とつぜん勝負を挑んできたイオリさんは、その場にへたりこみ、手の甲で目頭を押さえて、ぐしぐしと泣き始めた。
おれは完全にパニックになった。
お姿を拝見しているだけで息もできないほどドキドキする美少女剣士様が、いきなり目の前で泣き始めたのだから……。
どうしていいかもわからず、アウアウ言いながら、呆然と立ち尽くすしかないおれ……。
「…………はーーーー。負けちゃった!」
顔を上げたイオリさんが、とつぜん明るい声で笑った。
サッパリした顔だけど、目にはまだ涙が残っている。
「……まったくもう。私のまわりって、ウソみたいに才能がありすぎるオトコのひとばかり! 三人も居るんだから、まいっちゃう」
「え?」
「……まずは、私の兄さんでショ」
「格闘技の師範っていう?」
「うん。夜羽コクウ。酷夏流格闘術師範の天才格闘家。なにしろ生まれてから一度も負けたことがないって怪物。思えば、私に武道の才能がないのだって、全部兄さんに取られちゃったからかも」
イタズラっぽく肩をすくめるイオリさん。でも、その奥にある劣等感と悔しさが、おれにはよくわかった。
「……それから、そんな兄さんと初めて引き分けた男」
「……ササオミ?」
イオリさんは不思議な表情でうなずいた。
それは、どこか、ちょっと誇らしげな笑顔にも見えた。
「アイツも才能オバケでね。ロクに格闘技なんかしたことなかったのに、持って生まれた資質と勘だけで、兄さんと引き分けちゃったんだ。『最強の素人』ってのは、そのときついたあだ名。今だって、ロクに練習はしないし、ぜんぜんマジメに格闘技にも打ち込んでないんだけど、あの通りの強さ」
おれの脳裏に、凶暴な猛獣じみたササオミの姿が蘇る。
「せっかくの素質を活かさないでフラフラフラフラしてるササオミに、私、試合を申し込んだんだ」
「え?」
試合を……申し込む……?
「私が勝ったら、酷夏流の門下生になって、格闘技の道を進むこと。……で、私が負けたら……」
そこでイオリさんは顔を真っ赤に染めた。
!? お、お、おのれええええっ! ササオミぃぃぃ! いったいなにを……いったいなにをイオリさんと賭けたのだっ!!
「で、どうなったと思う?」
「ど、ど、どうなったんですかッッ!!??」
そして、ササオミになにをされたのですかーーーー!!
「勝っちゃったの。

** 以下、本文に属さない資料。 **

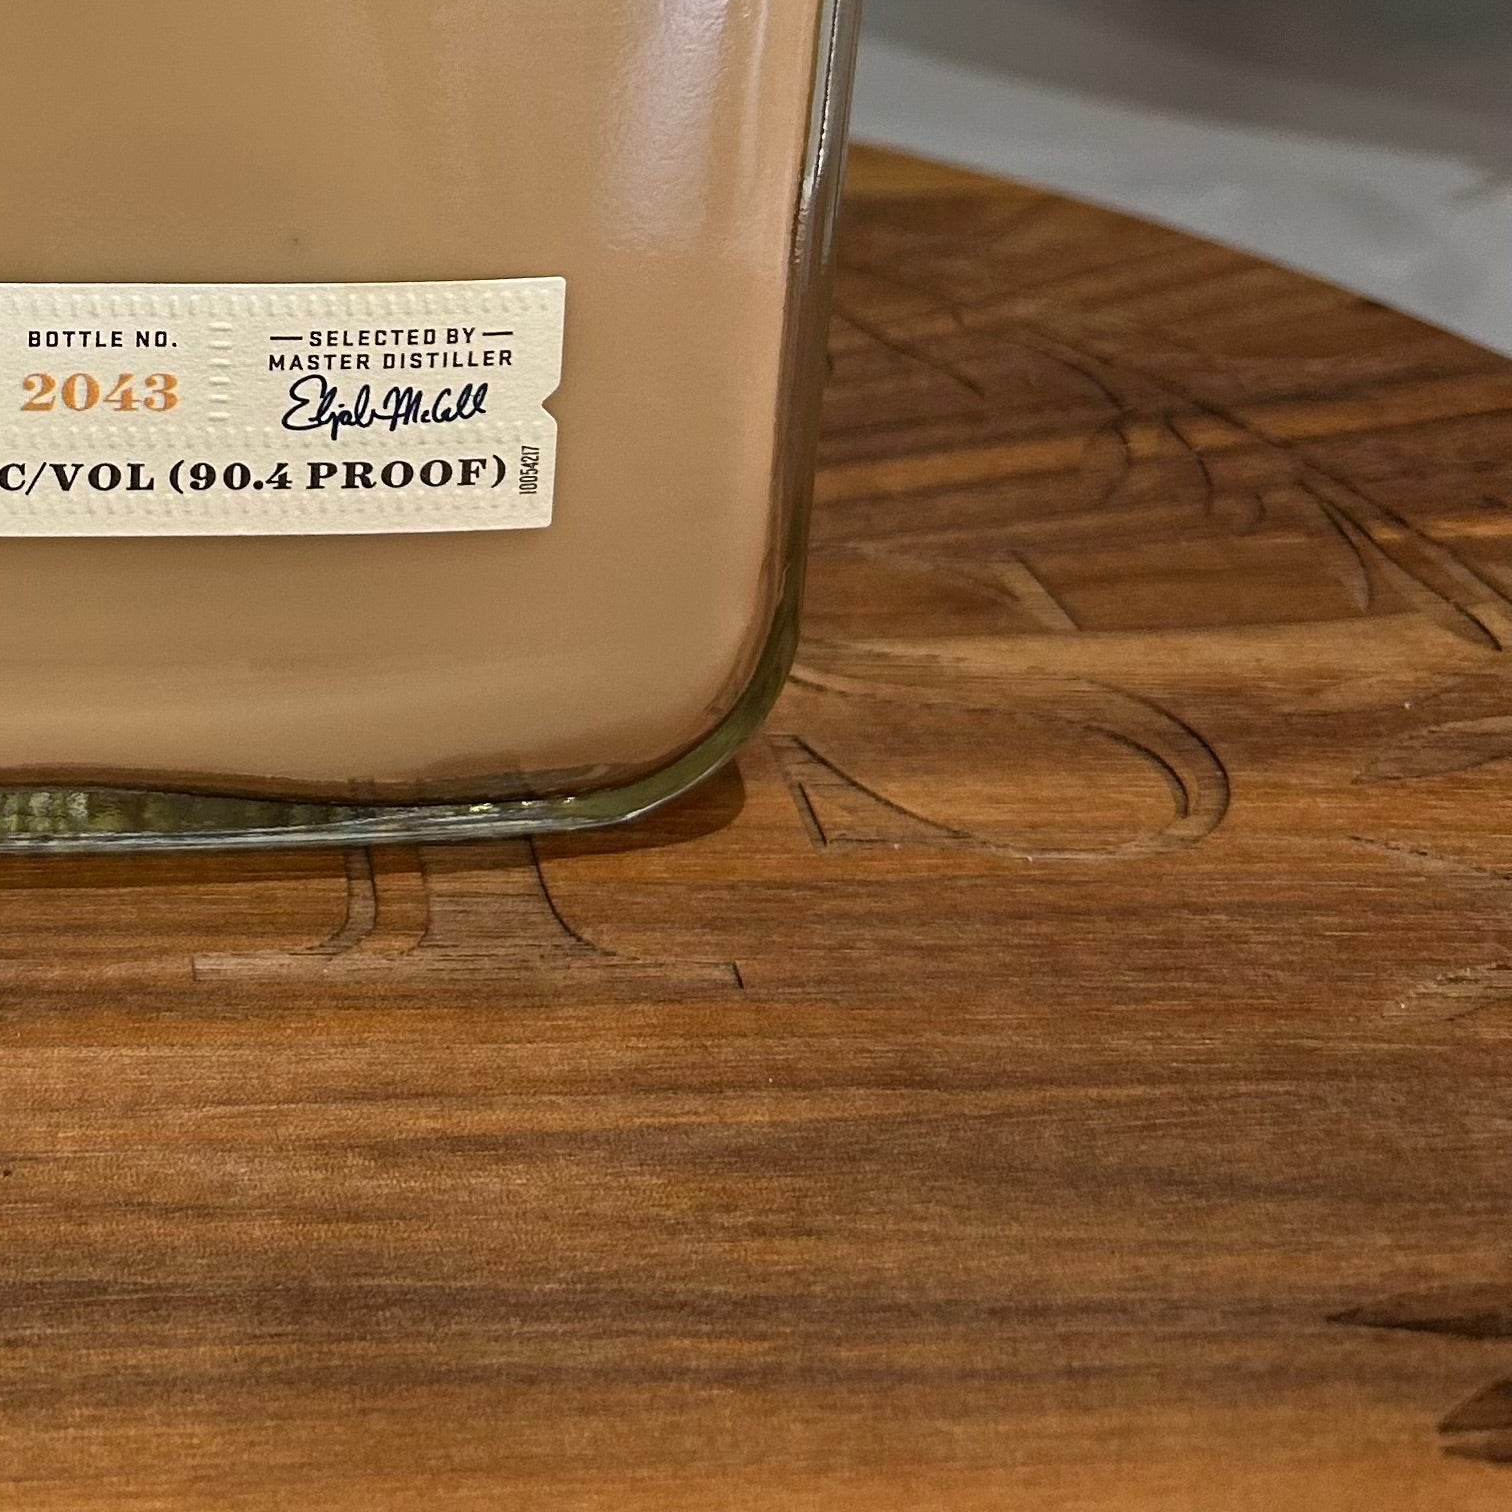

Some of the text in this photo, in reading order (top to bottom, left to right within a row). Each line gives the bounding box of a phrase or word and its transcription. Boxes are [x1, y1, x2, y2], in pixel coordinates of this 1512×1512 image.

私が」
「へ?」
「アイツ、私にこてんぱんにノされてね。『ちくしょう。オメェ、女のくせにバカ強ェな! 仕方ねェ! 入ってやるよ、そのナントカってとこ!』……だって。…………バカにしてるよね」
「……………………………………」
「そのときも、泣いちゃった」
健気な笑みを浮かべるイオリさん。
おれの胸がチクリと痛む。
イオリさんは、そこで急に話を止めると、神社の境内をゆっくり歩き、砂浜が見通せる高台へ向かった。
あちこちの樹から、ミンミンジージーセミの声が騒がしい。
眺めのいい場所にふたりで並び、眼下に海を見ながら潮風に吹かれた。
「……そのとき決めたの。自分の弱さとか才能のなさを、頑張らない言い訳にしないって。できることを精一杯やって、努力して、今の自分よりも少しでも強くなって……」
「……………………」
「もう一度ササオミと戦って、今度こそアイツを本気にさせてみせるって! アハハ。へんな目標でしょ? 本気を出したアイツに負けたいって」
「…………その……三人めというのは……だれなんですか?」
ササオミのことになるとイオリさんは饒舌になる。それ以上、ササオミのことを話すイオリさんを見たくなくて、おれは無理やり話題を変えた。
「きみ」
「え?」
「きみだよ。ヤギハラくん。最初に見たとき、すぐにわかった。ああ、このひとは凄まじい剣の才能をもっている。このひとこそ、剣の神様に愛されたひとなんだって」
「おれが?」
そんなばかな。おれは本当に弱くてだめなヤツなのだ。
「……そして、きみはアリバっていう不思議なチカラまで与えられた。どっちも私には無いもの。……なのに、せっかくの才能も、その選ばれたチカラも、ちゃんと向き合おうとせず、自分は弱いとか、情けないとか、ダメだとか簡単に言って、逃げ出そうとする。私は、それが……悲しかった」
イオリさんがうつむく。
この美少女剣士がそこまで言う相手が、自分であることを、まったく信じられない……。
でも、イオリさんは、一途で、マジメで、ひたむきな女性……おれをからかう冗談なんて絶対に言わないはず。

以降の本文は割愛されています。